Records excerpted from a collection
# # # # # # #

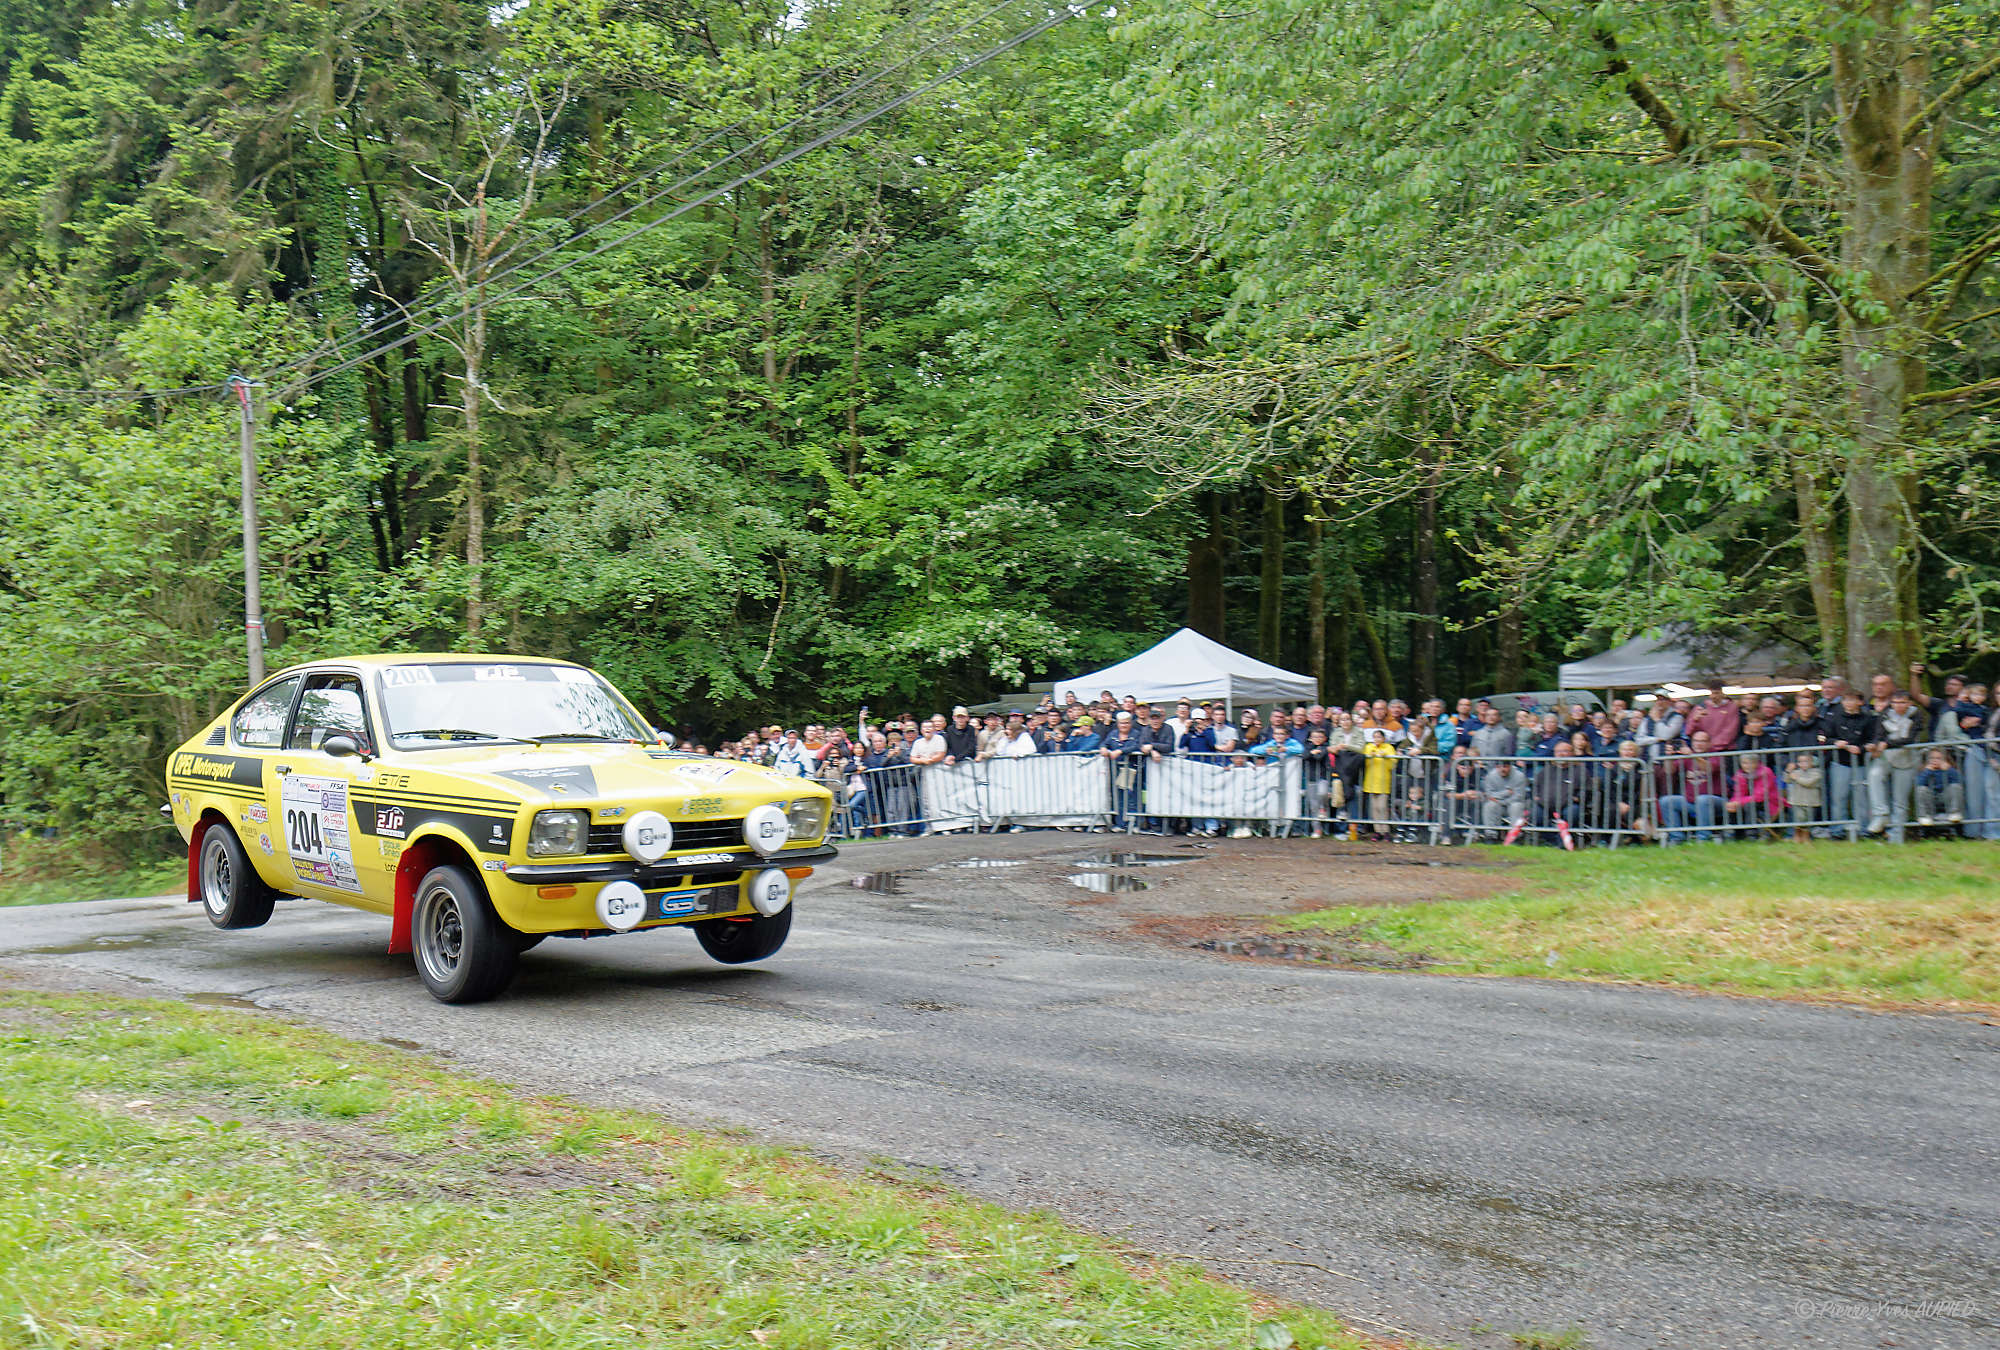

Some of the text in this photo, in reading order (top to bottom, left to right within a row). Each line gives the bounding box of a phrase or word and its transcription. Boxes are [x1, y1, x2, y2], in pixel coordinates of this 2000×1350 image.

[391, 668, 429, 686] 204
[174, 754, 236, 780] OPEL Motorsport
[378, 773, 410, 788] GTE
[376, 811, 404, 830] 2JP
[287, 808, 322, 855] 204
[483, 860, 504, 872] elf

# # # # # # #

(Goal of the exercise): Give the entries again exactly, but skip every image.

(Result below):
Some of the text in this photo, in reading order (top to bottom, left to right within a row). Each line gives the bounding box of a phrase or word and its transcription. Boxes are [x1, y1, x2, y2], in pixel coordinates of this 2000×1350 image.

[391, 668, 429, 686] 204
[174, 754, 236, 780] OPEL Motorsport
[378, 773, 410, 788] GTE
[376, 811, 404, 830] 2JP
[287, 808, 322, 855] 204
[483, 860, 504, 872] elf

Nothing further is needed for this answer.